Nicktoons: Battle for Volcano Island (also known as SpongeBob and Friends: Battle for Volcano Island in PAL regions) is an action-adventure game developed by Blue Tongue Entertainment (PS2, GC), Halfbrick (GBA), Natsume (DS), published by THQ, and it is the sequel to the 2005 video game Nicktoons Unite!. In this game, players assume the role of six playable characters from the Nickelodeon shows SpongeBob SquarePants, Danny Phantom, and The Fairly OddParents. The plot involves SpongeBob SquarePants, Patrick Star, Sandy Cheeks, Danny Phantom, Sam Manson, Timmy Turner, with Cosmo, and Wanda trying to protect the island from an all-new villain named The Mawgu. Jimmy Neutron, Tucker Foley, and Squidward Tentacles also appear, but as non-playable characters.

==Plot==
In an island world called Volcano Island, a trio of crabs, led by the Wise Old Crab and his two assistants are gathering around a ritual at Summoner's Rock to summon 'The Nine' heroes to defeat their ancient enemy, the Mawgu. However, the Mawgu breaks the circle of summoning, scattering the nine heroes across the island. SpongeBob SquarePants and Danny Phantom end up being summoned in front of The Wise Old Crab. He tells them that he has summoned them here and tells them that the Mawgu has escaped from his prison and is seeking vengeance against the island. The Mawgu has created a terrible ooze corrupting everything and everyone that it touches. However, according to the crabs' legends, the "Chosen Ones" can rescue everyone from the Mawgu Ooze and defeat the Mawgu.

SpongeBob and Danny fight the Mawgu's minions, finding Timmy Turner, Sam Manson, Tucker Foley, Sandy Cheeks, Squidward Tentacles, and Patrick Star. They find one of Jimmy Neutron's communication devices, learning that the Mawgu's interruption of the ceremony left Jimmy back in his lab. Jimmy also reveals that the Mawgu had created a rift in time and space above the volcano which is siphoning energy from Retroville, Bikini Bottom, Dimmsdale, and Amity Park, to power himself; if this continues for too long, it will suck up their worlds and destroy the multiverse.

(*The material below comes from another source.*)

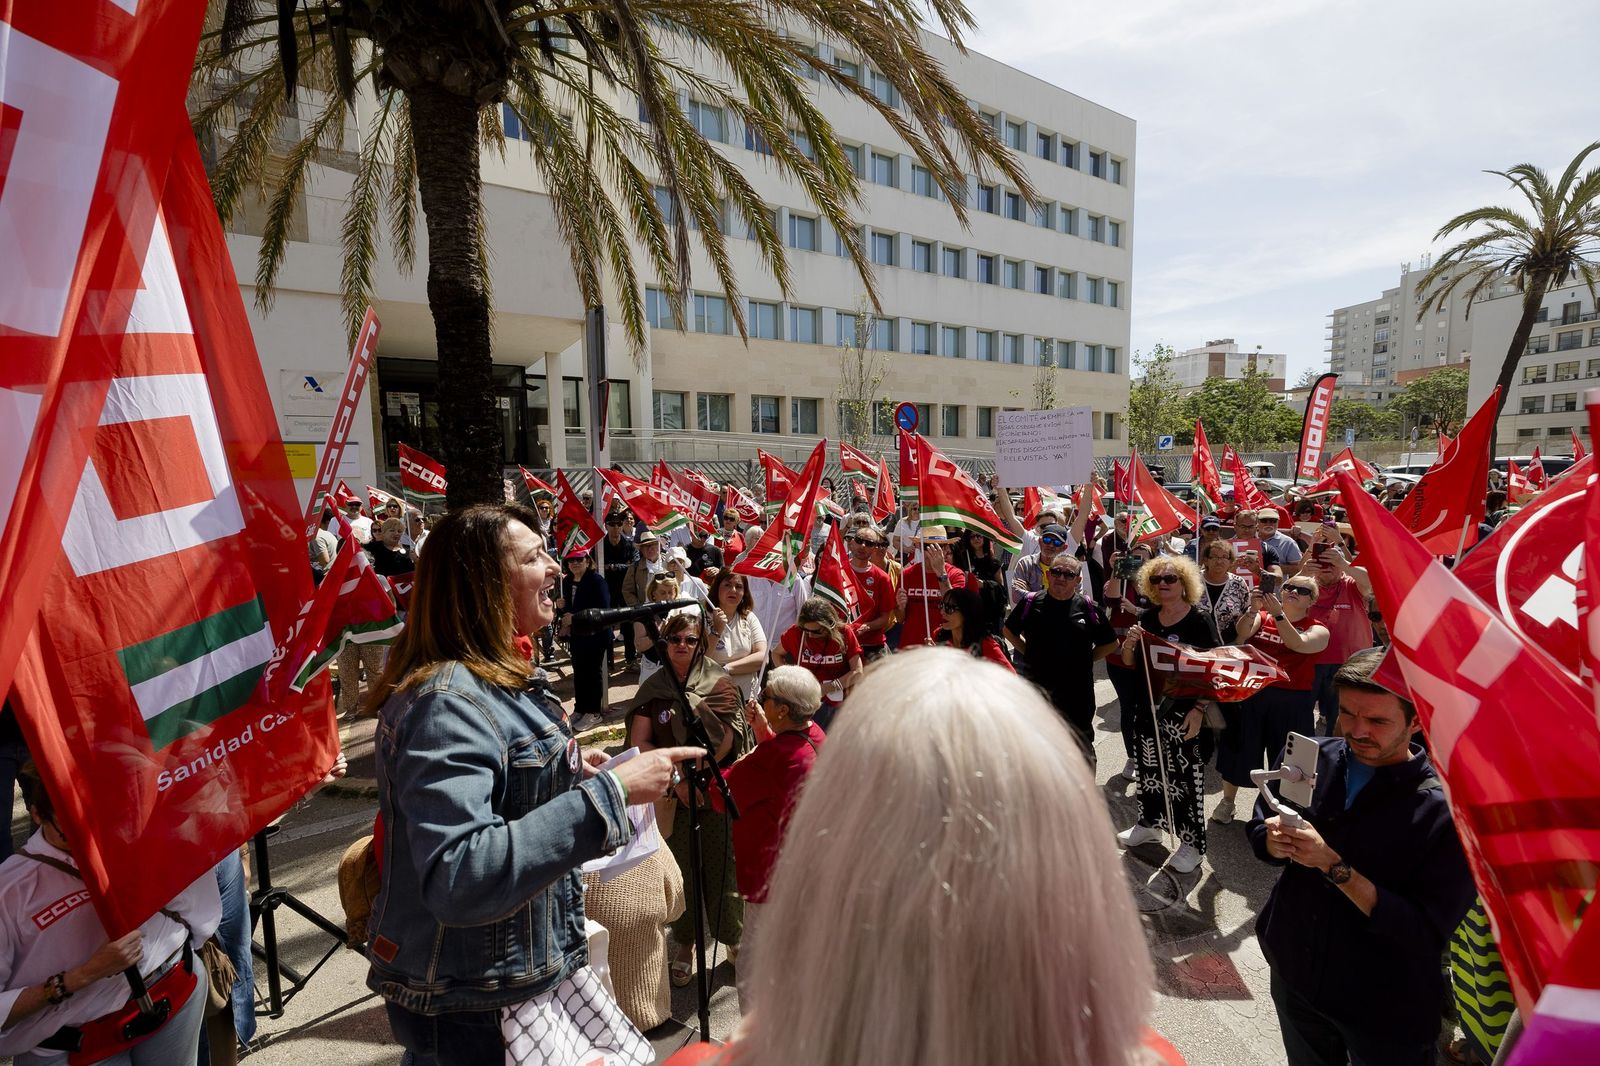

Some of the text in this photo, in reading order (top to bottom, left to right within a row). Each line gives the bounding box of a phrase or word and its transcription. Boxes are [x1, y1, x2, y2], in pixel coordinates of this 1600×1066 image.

Using Jimmy's blueprints, Tucker sends the rest of the heroes to collect parts for a Rift Zipper, to seal the rift and stop the Mawgu. Once completed, the eight heroes enter the volcano and travel up into the rift, where the Mawgu awaits them. Sam, Tucker, Sandy, Timmy and Patrick keep the Mawgu busy while Danny, SpongeBob and Squidward ascend using the debris sucked in from the other worlds to the rift's core. The device drains the Mawgu of his strength, allowing the closing rift to seal him away forever. After being congratulated by the Wise Old Crab and the denizens of Volcano Island, the heroes then depart through a portal opened by Jimmy, sending them back to their rightful worlds.

==Reception==

The game was given mixed reviews. Metacritic gave the PlayStation 2 version 59%, the Game Boy Advance version 69%, and the DS version 59%.

Aggregate score
| Aggregator | Score |
|---|---|
| Metacritic | 59/100 (PS2/NDS) 69/100 (GBA) |

Review scores
| Publication | Score |
|---|---|
| GamesMaster | 4.8/10^{[citation needed]} |
| GameZone | 6.3/10 (NDS) 5.9/10 (PS2) 6/10 (GBA) |
| IGN | 5.5/10 (NDS) 4.2/10 (PS2/NGC) 7/10 (GBA) |
| PlayStation Official Magazine – UK | 6/10^{[citation needed]} |

== Sequel ==

The game was followed by Nicktoons: Attack of the Toybots a year later for the Game Boy Advance, Nintendo DS, PlayStation 2 and Wii on October 23, 2007.